■ WHAT THE EXERCISE ASKS: An exact reproduction of all the data is needed, with no images in it.

■ MATERIAL FOR THIS EXERCISE:
◆ ◆ ◆ ◆ ◆
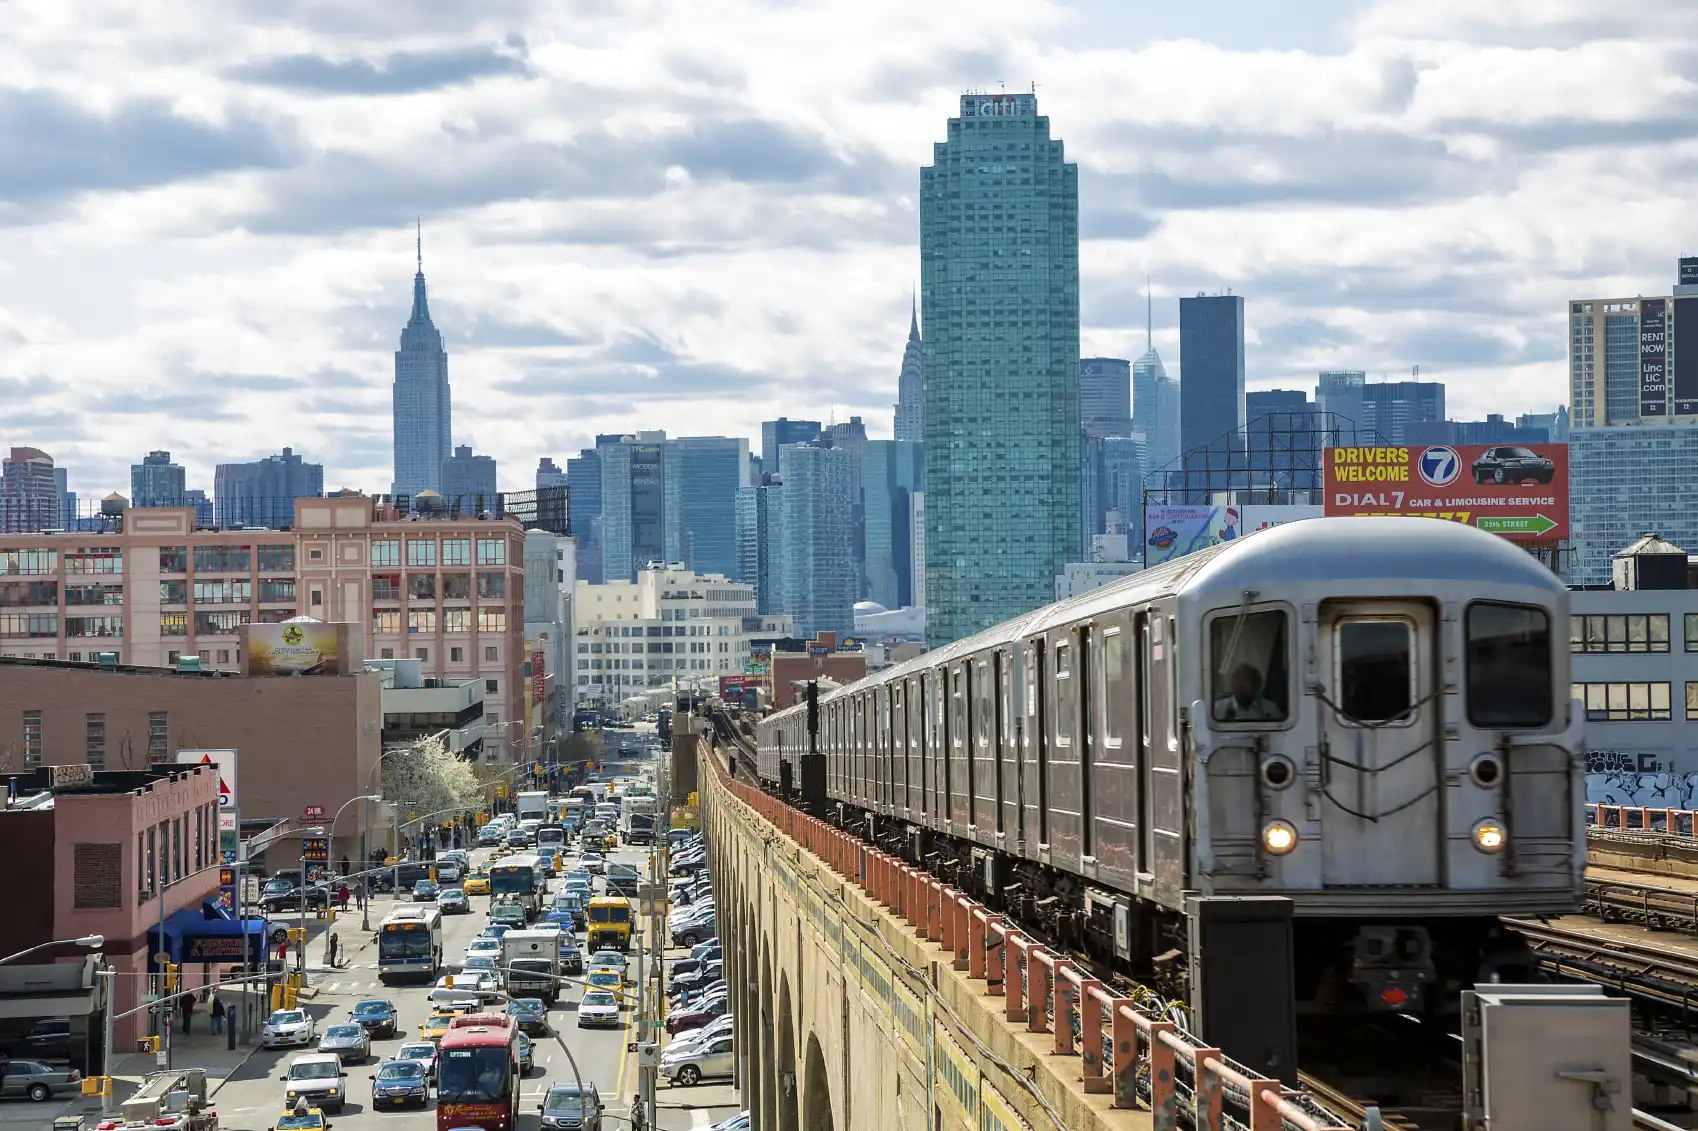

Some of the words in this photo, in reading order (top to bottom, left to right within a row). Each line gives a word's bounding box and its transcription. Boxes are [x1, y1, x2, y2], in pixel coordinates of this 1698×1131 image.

[980, 97, 1015, 116] citi
[1641, 333, 1664, 342] RENT
[1641, 344, 1665, 353] NOW
[1643, 364, 1663, 372] Linc
[1645, 374, 1661, 382] LIC
[1334, 447, 1409, 464] DRIVERS
[1425, 450, 1453, 484] 7
[1334, 466, 1409, 482] WELCOME
[1409, 498, 1432, 507] CAR
[1434, 498, 1442, 507] &
[1445, 497, 1506, 507] LIMOUSINE
[1507, 497, 1555, 506] SERVICE
[1483, 520, 1500, 528] 35th
[307, 807, 313, 815] 24
[305, 851, 327, 860] WASH
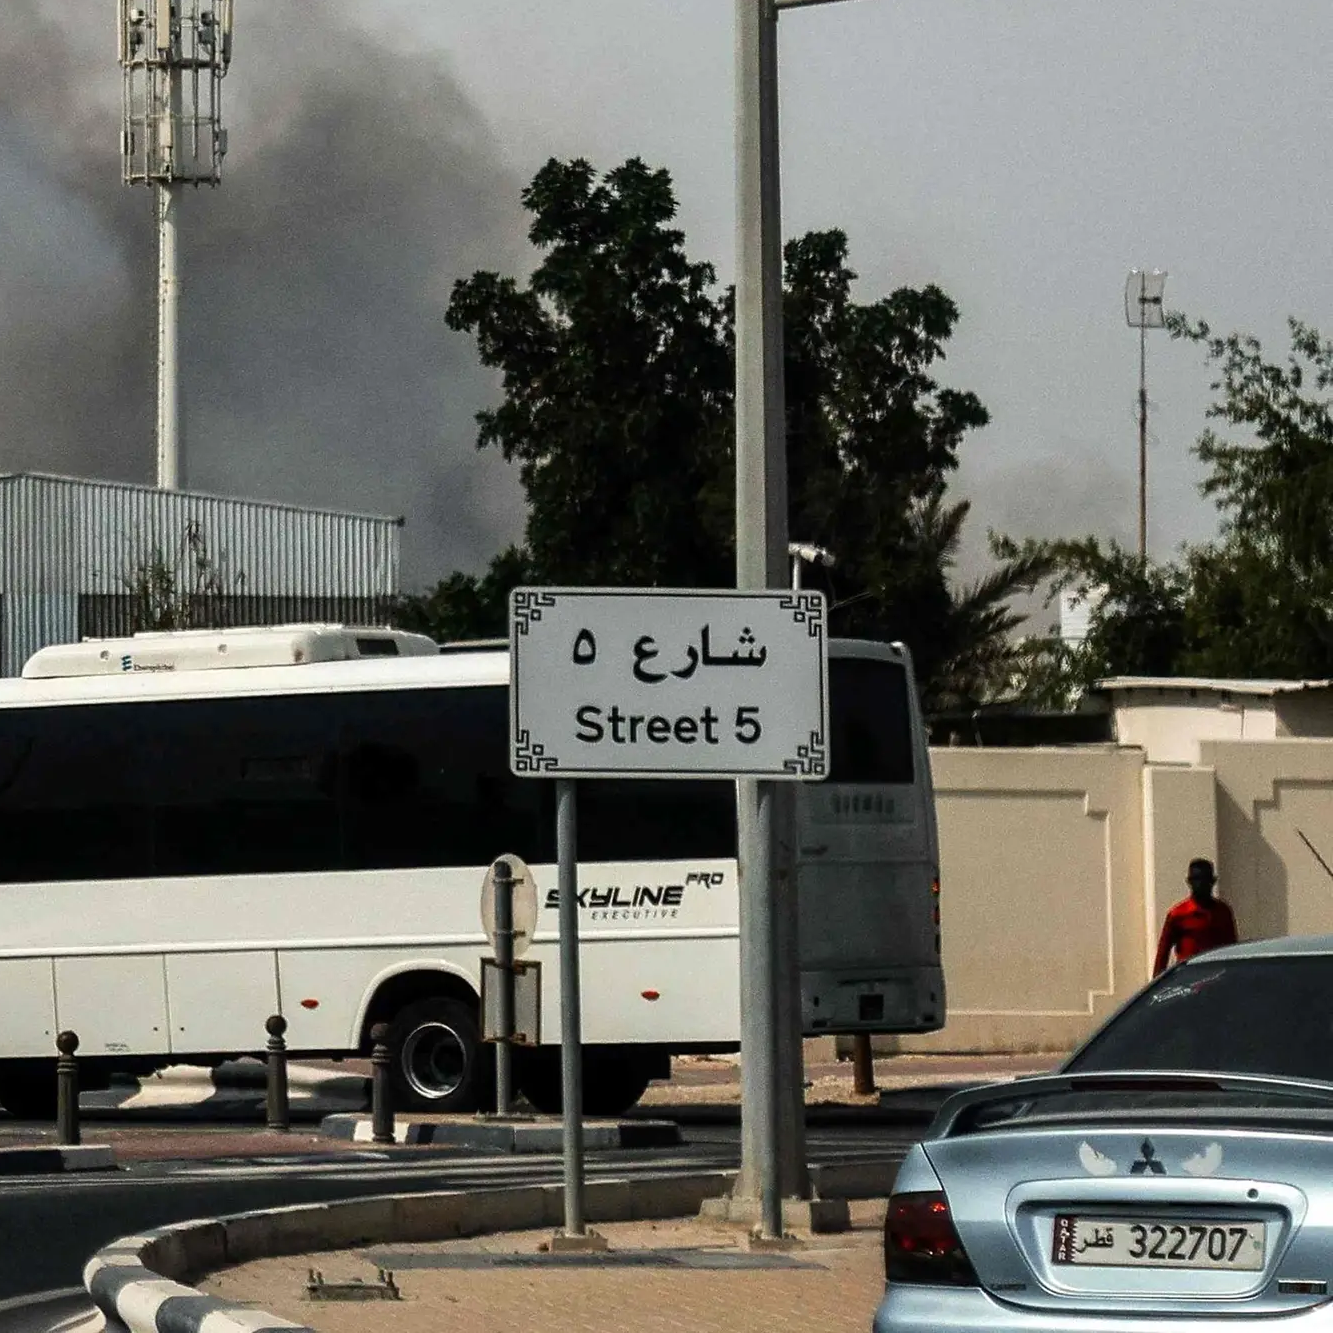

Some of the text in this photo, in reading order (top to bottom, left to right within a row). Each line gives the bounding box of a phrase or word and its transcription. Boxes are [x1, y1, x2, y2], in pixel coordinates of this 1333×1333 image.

[573, 624, 767, 684] شارع ٥
[576, 705, 762, 744] Street 5
[686, 872, 724, 889] PRO
[591, 909, 678, 920] EXECUTIVE
[1058, 1219, 1070, 1260] QATAR
[1076, 1227, 1114, 1253] قطر
[1129, 1224, 1248, 1262] 322707
◆ ◆ ◆ ◆ ◆
■ EXPECTED OUTPUT:
Some of the words in this photo, in reading order (top to bottom, left to right within a row). Each line gives a word's bounding box and its transcription. Boxes are [x1, y1, x2, y2], in pixel coordinates of this 1698×1131 image.

[980, 97, 1015, 116] citi
[1641, 333, 1664, 342] RENT
[1641, 344, 1665, 353] NOW
[1643, 364, 1663, 372] Linc
[1645, 374, 1661, 382] LIC
[1334, 447, 1409, 464] DRIVERS
[1425, 450, 1453, 484] 7
[1334, 466, 1409, 482] WELCOME
[1409, 498, 1432, 507] CAR
[1434, 498, 1442, 507] &
[1445, 497, 1506, 507] LIMOUSINE
[1507, 497, 1555, 506] SERVICE
[1483, 520, 1500, 528] 35th
[307, 807, 313, 815] 24
[305, 851, 327, 860] WASH

Some of the text in this photo, in reading order (top to bottom, left to right within a row). Each line gives the bounding box of a phrase or word and its transcription. Boxes are [x1, y1, x2, y2], in pixel coordinates of this 1333×1333 image.

[573, 624, 767, 684] شارع ٥
[576, 705, 762, 744] Street 5
[686, 872, 724, 889] PRO
[591, 909, 678, 920] EXECUTIVE
[1058, 1219, 1070, 1260] QATAR
[1076, 1227, 1114, 1253] قطر
[1129, 1224, 1248, 1262] 322707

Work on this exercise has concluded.